Cognitive Behavioural Therapy There’s a big psychological aspect to pain and your GP can prescribe CBT – with a therapist or via an Internet programme – to help you manage the way it makes you feel. If there’s a waiting list, try a respected self-help book such as Overcoming Chronic Pain: A Self-Help Guide Using Cognitive Behavioural Techniques by Frances Cole et al.

Physiotherapy Physiotherapists use a range of treatments, including massage, manipulation, ultrasound and exercise plans, to treat muscle and joint problems. Your GP can refer you.

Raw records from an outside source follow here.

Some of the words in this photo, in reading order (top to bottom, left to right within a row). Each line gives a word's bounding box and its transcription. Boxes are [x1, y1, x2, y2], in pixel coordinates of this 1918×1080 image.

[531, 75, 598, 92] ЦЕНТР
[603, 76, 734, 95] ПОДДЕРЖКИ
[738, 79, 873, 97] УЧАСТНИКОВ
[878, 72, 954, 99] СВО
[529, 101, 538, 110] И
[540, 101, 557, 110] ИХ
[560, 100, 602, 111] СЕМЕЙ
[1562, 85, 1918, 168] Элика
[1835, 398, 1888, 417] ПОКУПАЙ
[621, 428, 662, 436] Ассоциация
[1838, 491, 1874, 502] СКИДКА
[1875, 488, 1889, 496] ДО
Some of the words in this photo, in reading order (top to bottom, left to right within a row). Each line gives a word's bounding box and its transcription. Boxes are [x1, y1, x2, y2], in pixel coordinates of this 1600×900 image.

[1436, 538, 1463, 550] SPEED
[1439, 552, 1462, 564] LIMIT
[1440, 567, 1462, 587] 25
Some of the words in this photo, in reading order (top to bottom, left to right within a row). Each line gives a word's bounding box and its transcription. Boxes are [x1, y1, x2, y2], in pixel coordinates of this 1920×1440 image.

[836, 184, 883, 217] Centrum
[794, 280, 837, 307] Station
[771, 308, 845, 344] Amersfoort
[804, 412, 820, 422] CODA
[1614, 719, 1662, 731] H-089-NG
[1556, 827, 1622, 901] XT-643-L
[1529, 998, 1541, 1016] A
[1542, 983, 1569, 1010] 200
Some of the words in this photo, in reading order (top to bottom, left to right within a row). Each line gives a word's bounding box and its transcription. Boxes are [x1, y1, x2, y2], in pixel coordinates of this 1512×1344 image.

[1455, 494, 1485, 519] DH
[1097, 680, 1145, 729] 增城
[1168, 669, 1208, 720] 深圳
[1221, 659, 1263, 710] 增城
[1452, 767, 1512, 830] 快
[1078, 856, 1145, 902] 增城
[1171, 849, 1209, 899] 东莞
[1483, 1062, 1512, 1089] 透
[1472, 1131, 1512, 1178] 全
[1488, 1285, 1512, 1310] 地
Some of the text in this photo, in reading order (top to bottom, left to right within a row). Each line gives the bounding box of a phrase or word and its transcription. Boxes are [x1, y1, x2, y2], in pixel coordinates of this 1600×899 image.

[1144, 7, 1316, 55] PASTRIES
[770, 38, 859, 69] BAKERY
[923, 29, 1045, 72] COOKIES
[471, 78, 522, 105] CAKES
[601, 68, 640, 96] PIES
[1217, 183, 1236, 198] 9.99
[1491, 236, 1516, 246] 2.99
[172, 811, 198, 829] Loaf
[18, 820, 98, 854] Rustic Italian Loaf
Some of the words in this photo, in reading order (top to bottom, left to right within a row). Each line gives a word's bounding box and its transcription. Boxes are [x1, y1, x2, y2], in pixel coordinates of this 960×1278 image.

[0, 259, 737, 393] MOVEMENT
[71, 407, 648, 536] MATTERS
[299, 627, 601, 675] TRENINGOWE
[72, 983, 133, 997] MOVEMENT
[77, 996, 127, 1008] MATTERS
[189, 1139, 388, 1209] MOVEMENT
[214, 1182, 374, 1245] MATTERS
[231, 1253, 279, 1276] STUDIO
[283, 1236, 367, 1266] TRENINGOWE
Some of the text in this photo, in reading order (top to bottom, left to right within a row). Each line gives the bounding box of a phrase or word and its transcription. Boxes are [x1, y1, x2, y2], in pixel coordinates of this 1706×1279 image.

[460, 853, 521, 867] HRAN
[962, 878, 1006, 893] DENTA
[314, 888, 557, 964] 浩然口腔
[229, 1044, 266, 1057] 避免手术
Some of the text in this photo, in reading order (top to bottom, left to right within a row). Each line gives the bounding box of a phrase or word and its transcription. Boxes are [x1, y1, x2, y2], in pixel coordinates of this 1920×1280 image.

Osteopathy/Chiropractic A 2004 study into back pain published in the British Medical Journal found that chiropractic spinal manipulation followed by an exercise plan provided “significant relief of symptoms and improvements in health”. Osteopathy (hands-on rebalancing of bones, muscles and joints) is recommended by health body NICE as a treatment for lower back pain.

Painkillers “Many people don’t like taking tablets because of worries about side-effects or becoming dependent,” Coates says. “But if your drugs control your pain and allow you to exercise, this will reduce the pain further, allowing you to take less medication.” Standard anti-inflammatories help, as can painkillers. If this doesn’t work, discuss prescription drugs with your doctor.